Here’s a complete list of the pros and cons of high frequency training:
Delivers faster/better results.
Builds neuromuscular coordination. Strength and performance are highly neural in nature; being able to practice these movements more frequently is beneficial.
More practice is usually better. Think of the guideline that mastery takes 10,000 hours – you’ll build that up faster with higher frequency training. At the end of the year I like to simply look at how thick my training log is; how many pages is it (each session is a page). The thicker the log, the more likely I was making progress.
High frequency allows one to build significant work capacity in that exercise. Work capacity follows the principle of specificity – you can get good at one thing while not being great at something else.
When I’m specializing in the bench press, I might do 50+ reps at 85% or more over a week – my work capacity in that exercise is great.
But that doesn’t mean if I suddenly switched to a bodybuilding style, ’20 sets for chest with minimal rest’ workout that I would rock it out. If I were peaking for a bench press competition that type of workout would destroy me.
Allows for more practice with heavy weight. You have more time to rehearse your set up, focus on your cues, and simply get prepared to lift the weight and perform the exercise.
The body gets used to lifting heavy frequently, at least on certain exercises. The first few weeks are often rough – and that’s when most people quit – but after that initial period, the body adapts and almost seems to crave going heavy on a regular basis.
It works. My best gains in the bench press were on high frequency programs. Also, the success of Sheiko style, Smolov, and Olympic lifting routines are enough to warrant a serious look at high frequency training.
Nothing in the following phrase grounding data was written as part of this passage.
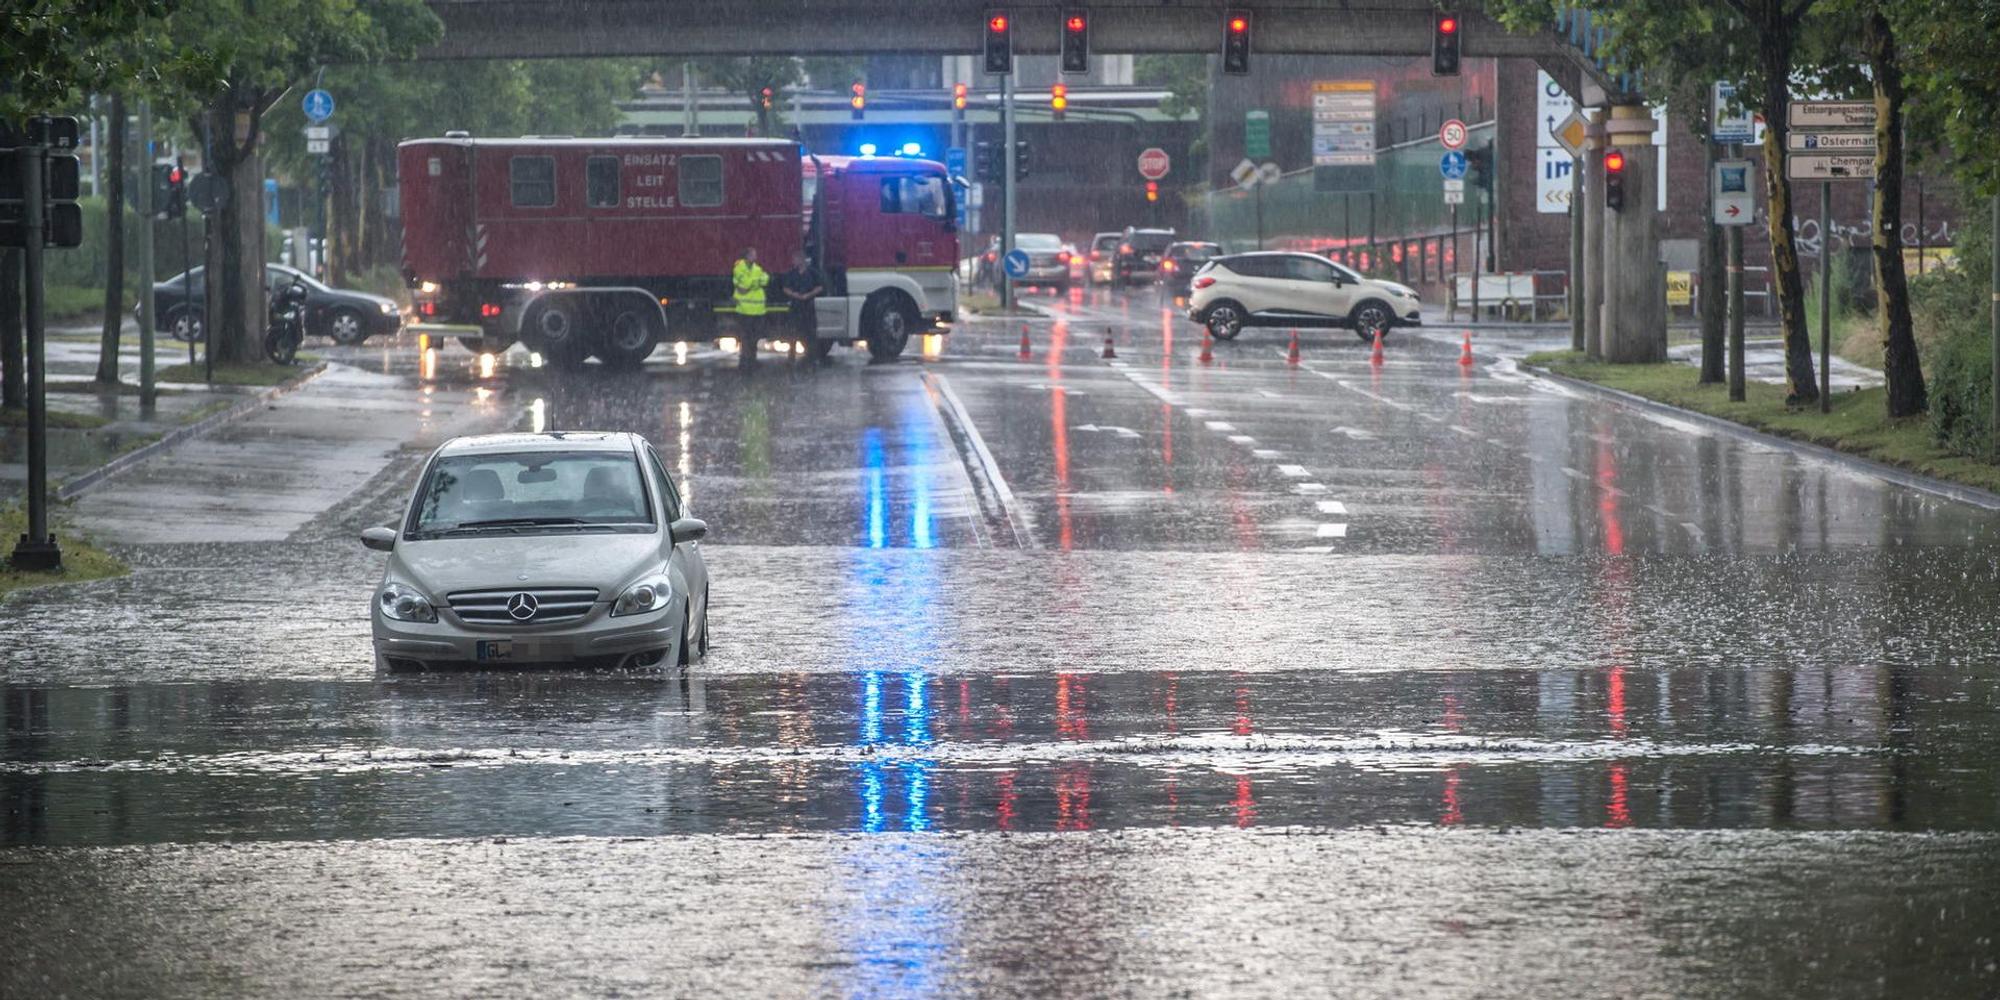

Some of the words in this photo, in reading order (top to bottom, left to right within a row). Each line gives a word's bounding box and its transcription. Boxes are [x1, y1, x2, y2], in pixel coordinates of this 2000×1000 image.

[1447, 128, 1461, 141] 50
[1820, 136, 1876, 146] Osterman
[624, 154, 677, 167] EINSATZ
[1140, 157, 1168, 170] STOP
[1830, 156, 1875, 168] Chempar
[636, 175, 665, 187] LEIT
[626, 196, 675, 208] STELLE
High frequency training seems to work well with female trainees or smaller, lighter lifters. I suspect it’s because their smaller frames experience less damage – even if the relative intensity is the same for a larger lifter – and thus are able to recover faster.
Lifts that seem to respond favorably to high frequency:
Note: I have not had good success training both the bench press and the overhead press with high frequency simultaneously.
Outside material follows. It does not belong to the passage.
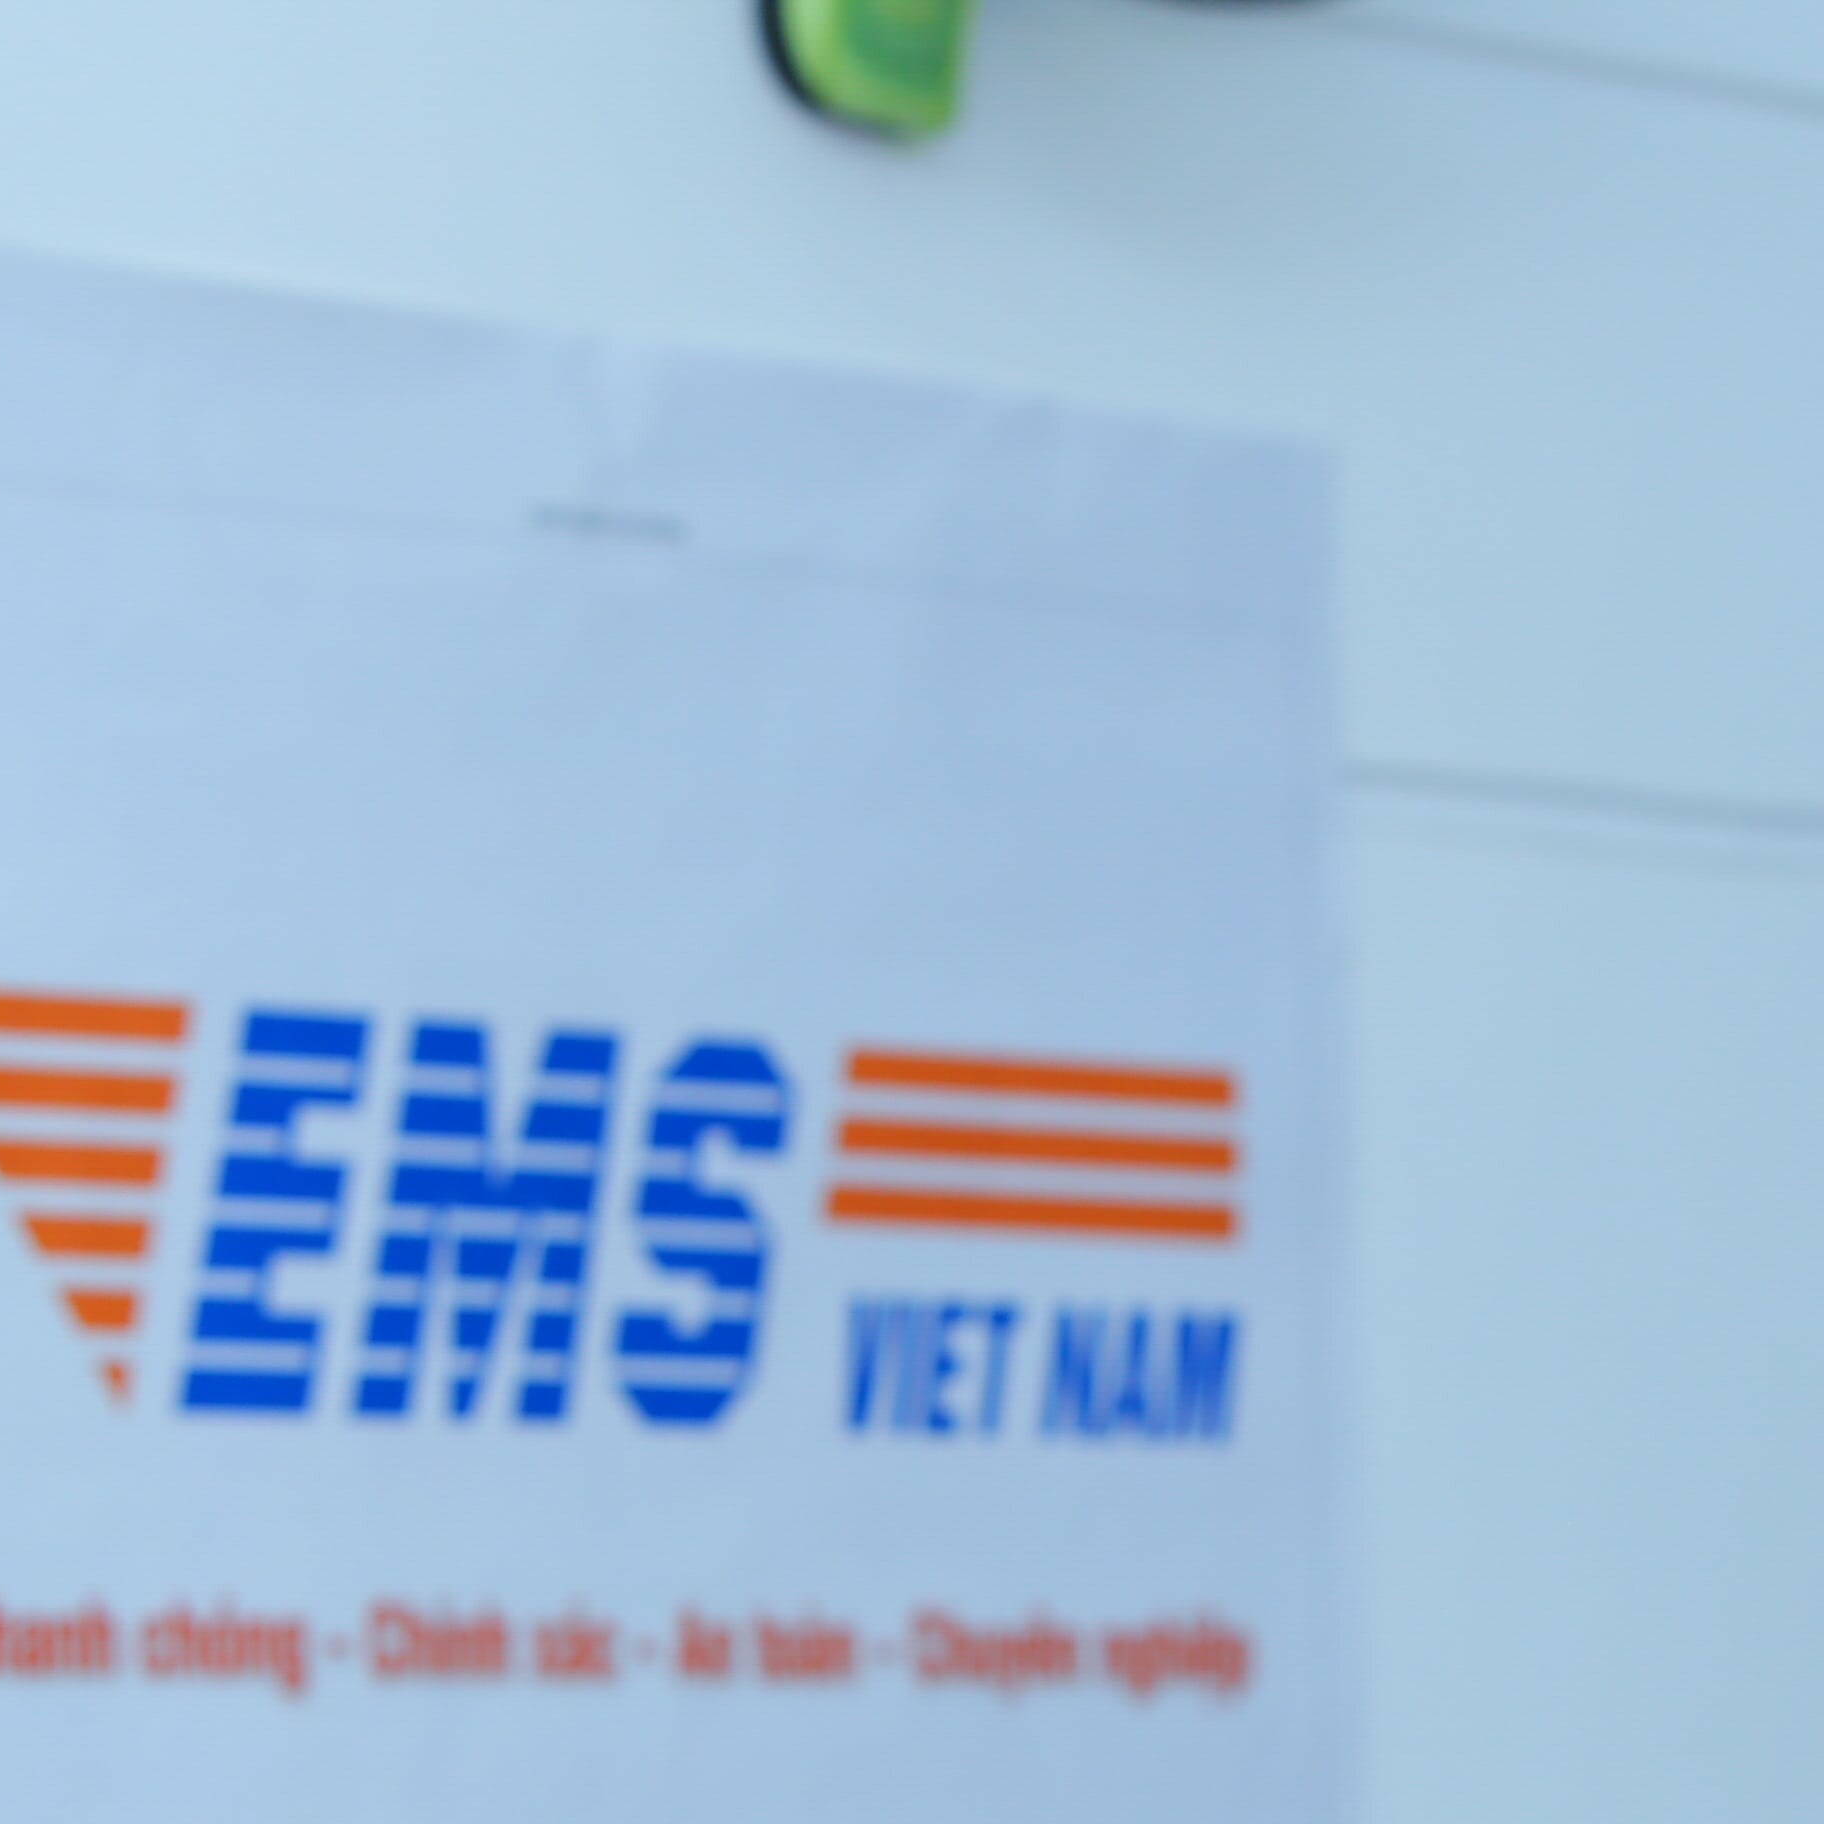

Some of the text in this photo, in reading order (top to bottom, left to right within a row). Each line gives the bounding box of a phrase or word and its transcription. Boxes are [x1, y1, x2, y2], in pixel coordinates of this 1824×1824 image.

[176, 1006, 793, 1427] EMS
[846, 1296, 1238, 1443] VIET NAM
Higher rate of injury. When you’re training heavy and hard on a regular basis, your chance of injury is higher. In the earlier example (adding 100 pounds to your max squat to save your family), you’ll either adapt and get strong or you’ll simply fall apart, resulting in a terrible squat by month end. Injury risk increases with exposure – more frequent exposures means a greater chance of injury.
If you have any compensations or preexisting injuries, high frequency training can be a rough ride. If your squat form is just so-so and you decide to start squatting hard three times a week your knees and lower back could pay the price. Remember, squats aren’t bad for the knees, but lousy squats might be bad for your knees.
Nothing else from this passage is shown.